Ab Mitte März gilt eine Impfpflicht für Ärzte und Pflegekräfte. Die Pflicht bereitet einigen Pflegeeinrichtungen in Osnabrück schon heute Probleme. Jetzt kritisiert der Vorsitzende der Ärztekammer Osnabrück das Vorhaben als „wenig durchdacht“. 
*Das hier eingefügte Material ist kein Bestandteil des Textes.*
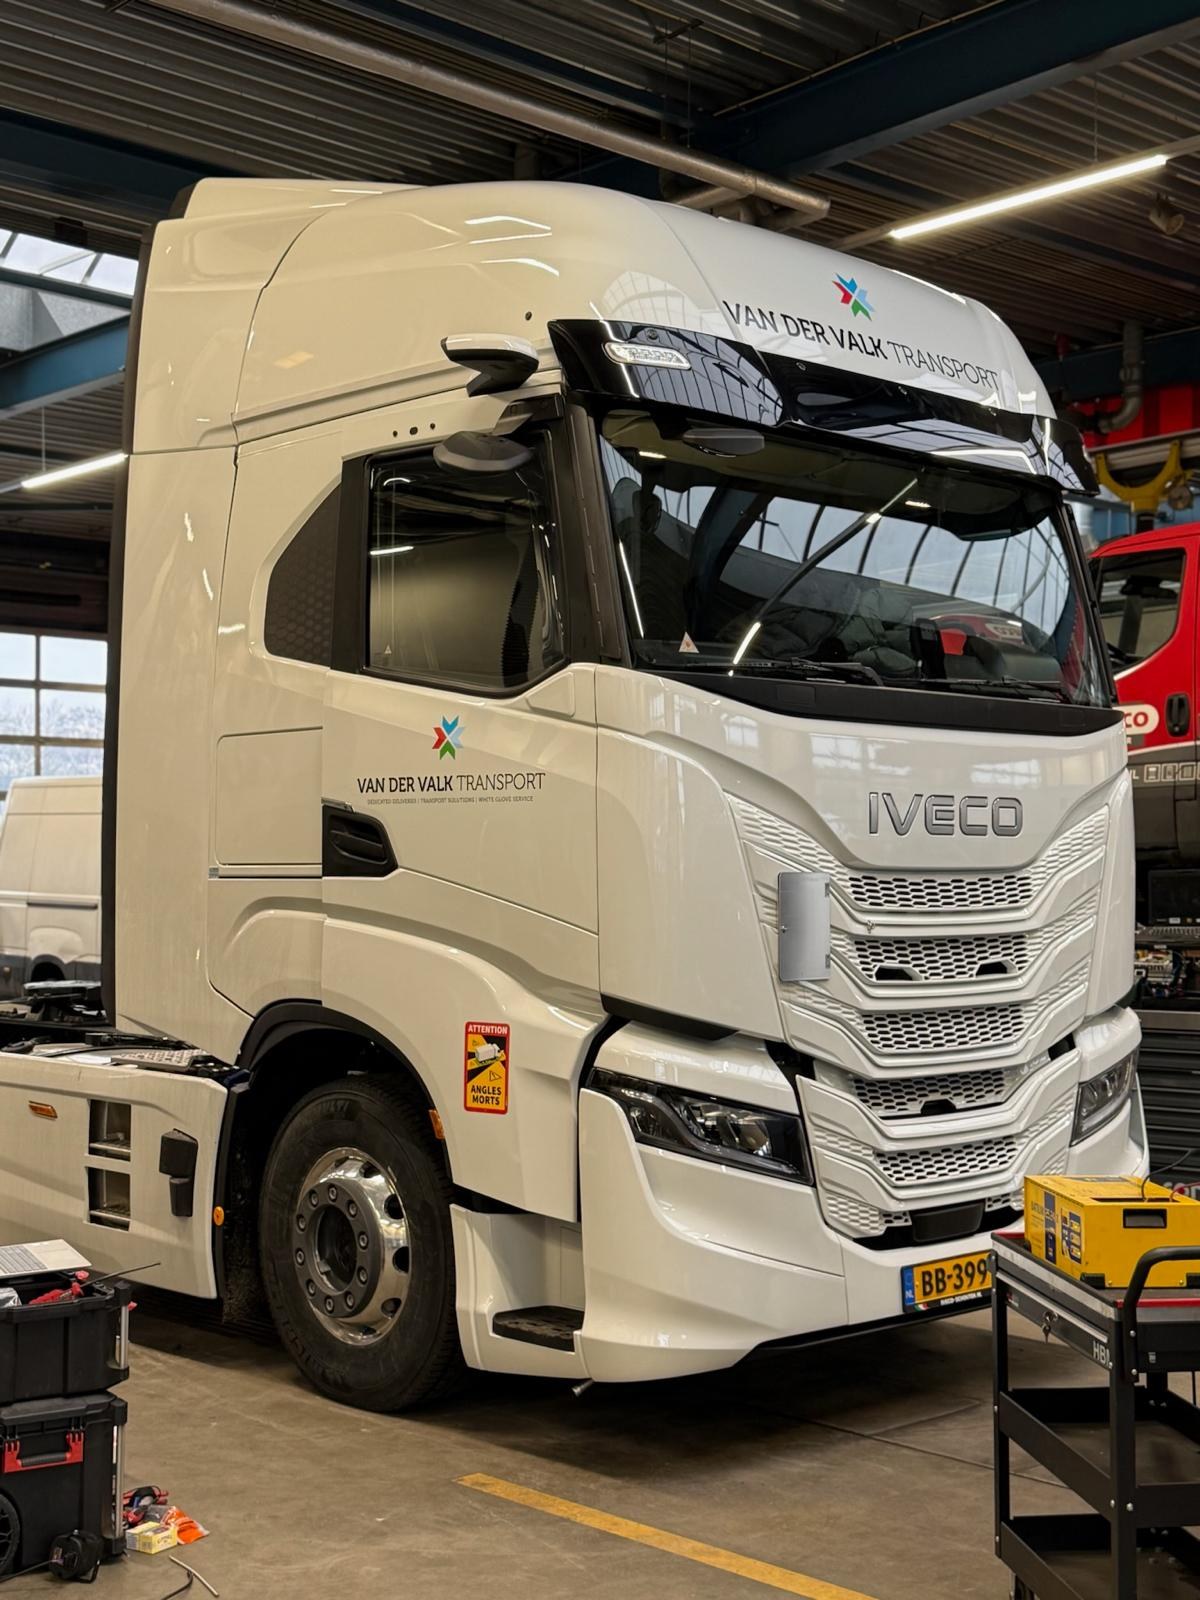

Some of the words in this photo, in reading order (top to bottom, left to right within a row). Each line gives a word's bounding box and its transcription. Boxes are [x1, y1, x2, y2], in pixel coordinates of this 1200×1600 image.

„Wichtig ist fest zu halten, dass nur bei neu einzustellenden Mitarbeitern im medizinischen Bereich der potenzielle Arbeitgeber gehalten ist, sich den Impfpass, die Genesenen Bescheinigung oder eben ein Attest zeigen zu lassen, dass der potenzielle Arbeitnehmer aus medizinischen Gründen nicht geimpft werden kann.“ stellt Dr. Steffen Grüner, Vorsitzender der Ärztekammer Osnabrück fest. „Für die bereits beschäftigten Mitarbeiter gilt eine andere Regelung: Ab dem 16.03.2022 muss der Arbeitgeber dem Gesundheitsamt mitteilen, ob die Mitarbeiter geimpft oder genesen sind oder über die oben genannte Bescheinigung der Impfunfähigkeit verfügen. Unklar ist dabei aktuell noch, ob der Arbeitgeber dabei auch gleich die Mitarbeiter namentlich benennen muss, die keine entsprechende Unterlagen beibringen.“

Viele Schlupflöcher

„Gleichzeitig kann der Arbeitgeber aber auch darlegen, dass er – sollte der Mitarbeiter nicht mehr für ihn arbeiten können – seinen Betrieb nicht mehr oder nur eingeschränkt weiterführen kann. Das Gesundheitsamt kann dann eine Bewilligung ausstellen, dass unter diesen Umständen auch der Ungeimpfte weiter arbeiten darf, kann aber auch ein Beschäftigungsverbot gegen den Mitarbeiter in einem Pflegeheim, Krankenhaus oder Arztpraxis erlassen. Interessant ist in diesem Zusammenhang die Verkürzung des Genesenen Status: Den Mitarbeiter, der jetzt als genesen eingestellt wird, müßte vielleicht in zwei oder drei Monaten – ja nach aktueller Regelungslage – dem Gesundheitsamt gemeldet werden, sollte er sich nicht impfen lassen.“ führt Dr. Grüner weiter aus.

Kritik an der Politik

„Auch im Zusammenhang mit dem Verwaltungsgerichtsurteil Osnabrück, welches die schon willkürlich zu nennende Verkürzung des Genesenden Status als unzulässig erklärt hat, scheint fest zu stehen, dass diese Regelung impraktikabel ist, zumal das Gesetz ein „Ablaufdatum“ hat, d.h. es ist erstmal befristet bis zum 31.12.2022. Sollte es nicht verlängert werden, endet die bereichsbezogene Impfpflicht genauso schnell wieder, wie sie politisch geboren wurde, allerdings ist zu berfürchten, dass die juristischen Prozesse hierüber uns deutlich länger beschäftigen werden. Erneut erschwert eine dysfunktionale Politik durch wenig durchdachte Schnellschüsse eine einheitliche Bekämpfung der Pandemie. Bayern hat bereits angekündigt, den Vollzug von Betretungs- und Beschäftigungsverboten aussetzen zu wollen, weil man erkennt, dass die Gesundheitsämter bereits jetzt überlastet sind und die Pflegeheime und Krankenhäuser nicht mehr betrieben werden können. Für Niedersachsen wäre das vermutlich auch der beste Weg, sollte die Umsetzung nicht besser geregelt werden.“ so Dr. Grüner weiter.